**Source data**
------------

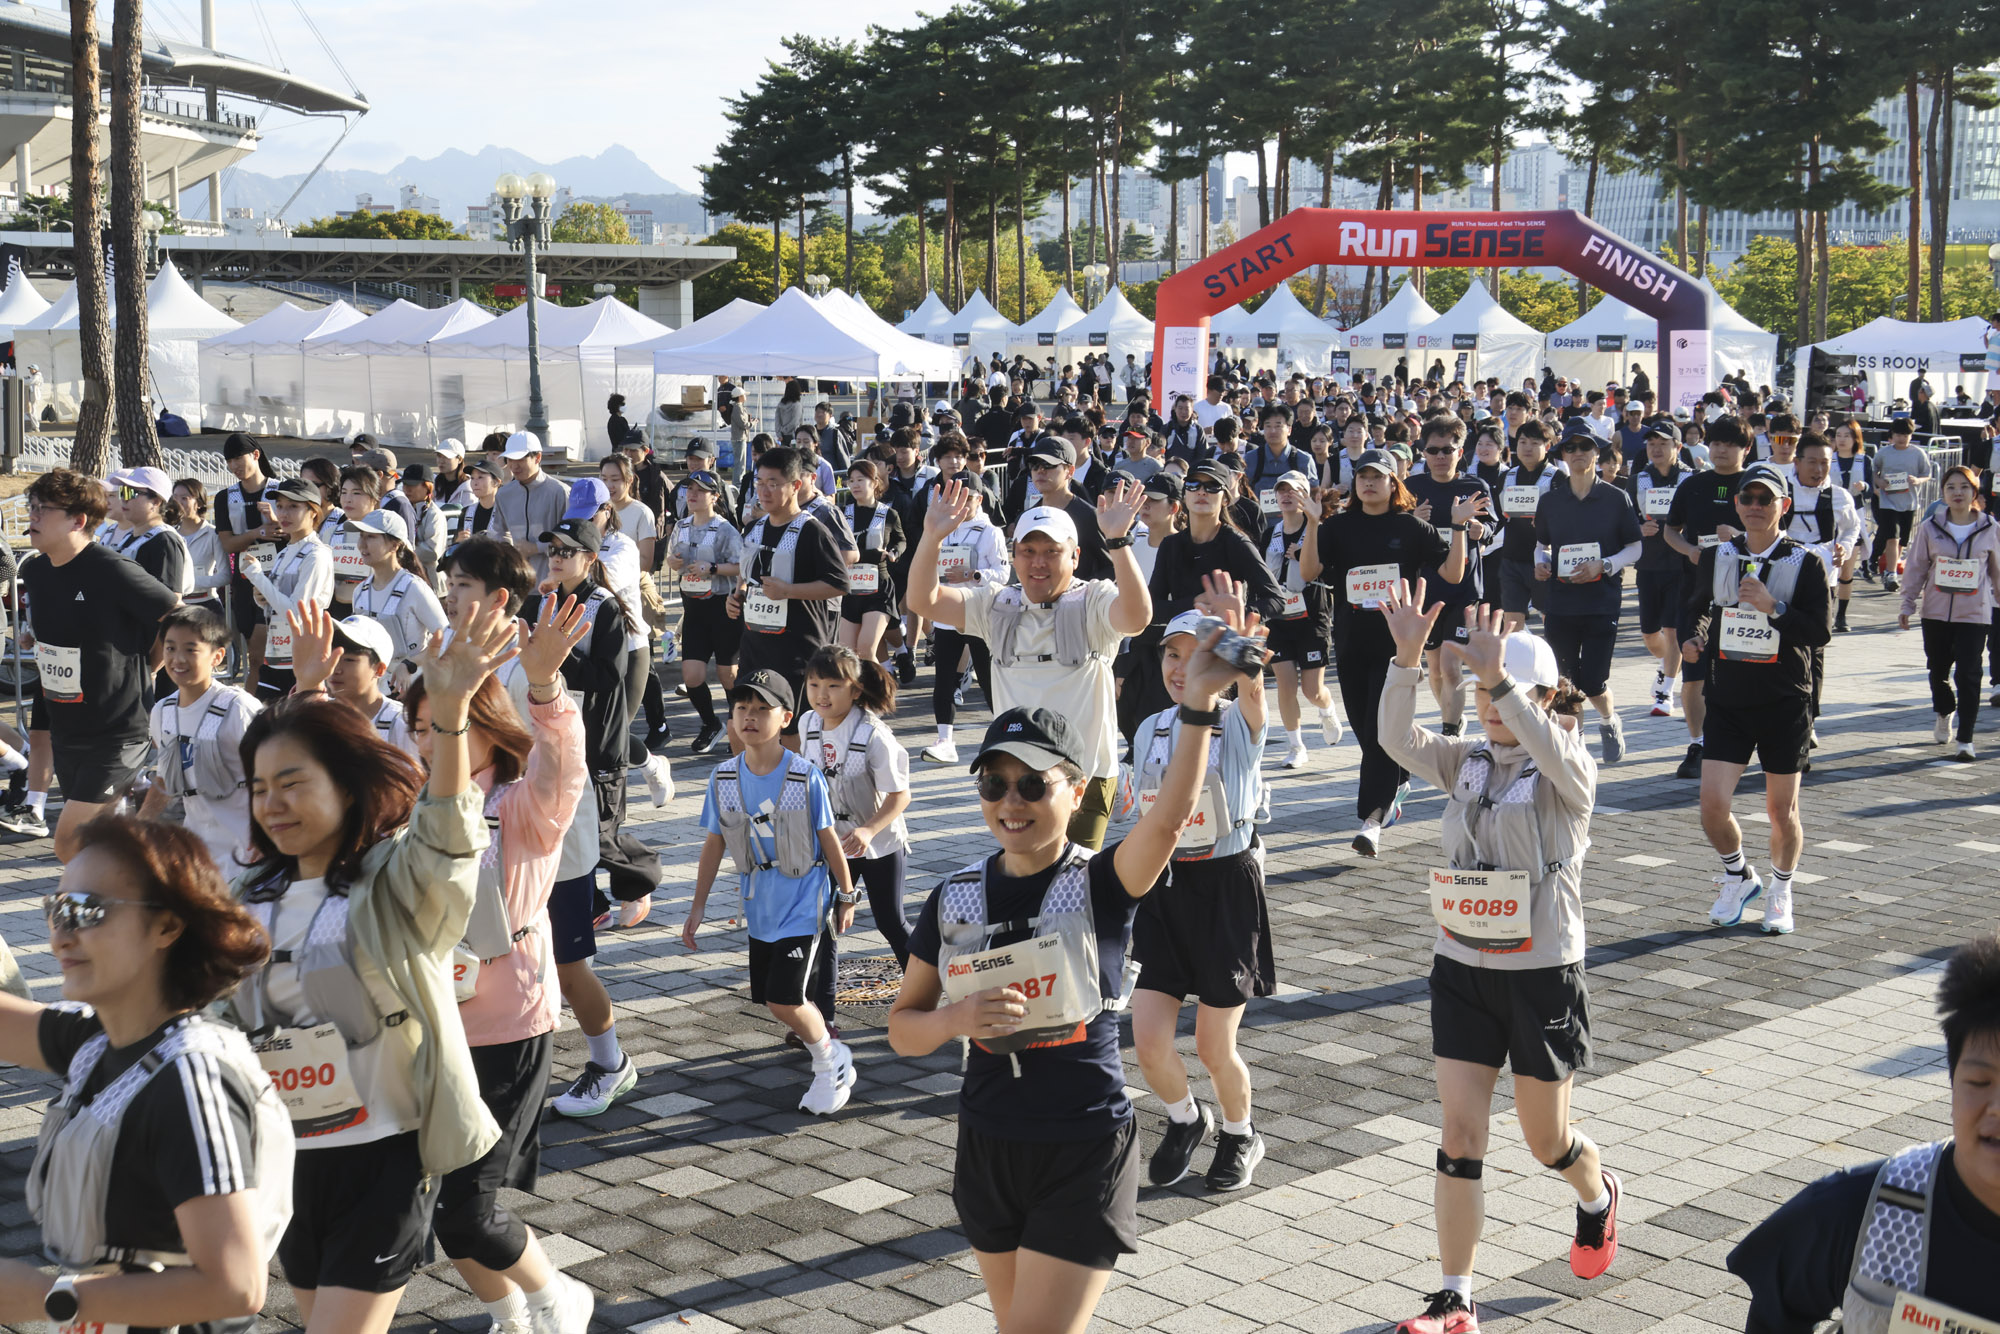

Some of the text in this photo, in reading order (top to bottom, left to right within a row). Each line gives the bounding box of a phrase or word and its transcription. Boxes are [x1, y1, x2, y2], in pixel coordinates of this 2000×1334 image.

[1203, 232, 1295, 299] START
[1580, 234, 1678, 303] FINISH
[1882, 356, 1930, 370] ROOM
[942, 558, 965, 567] 6191
[852, 573, 875, 582] 6438
[1948, 569, 1974, 579] 6279
[1353, 580, 1395, 592] W 6187
[754, 603, 781, 615] 5181
[1727, 626, 1773, 640] M 5224
[46, 663, 74, 679] 5100
[1442, 898, 1518, 917] W 6089
[1038, 938, 1058, 950] 5km
[268, 1062, 336, 1092] 6090

------------

**Problem details**
Your task is to retype all the entries exactly and leave out any pictures.

**Your response**
Some of the text in this photo, in reading order (top to bottom, left to right within a row). Each line gives the bounding box of a phrase or word and its transcription. Boxes are [x1, y1, x2, y2], in pixel coordinates of this 2000×1334 image.

[1203, 232, 1295, 299] START
[1580, 234, 1678, 303] FINISH
[1882, 356, 1930, 370] ROOM
[942, 558, 965, 567] 6191
[852, 573, 875, 582] 6438
[1948, 569, 1974, 579] 6279
[1353, 580, 1395, 592] W 6187
[754, 603, 781, 615] 5181
[1727, 626, 1773, 640] M 5224
[46, 663, 74, 679] 5100
[1442, 898, 1518, 917] W 6089
[1038, 938, 1058, 950] 5km
[268, 1062, 336, 1092] 6090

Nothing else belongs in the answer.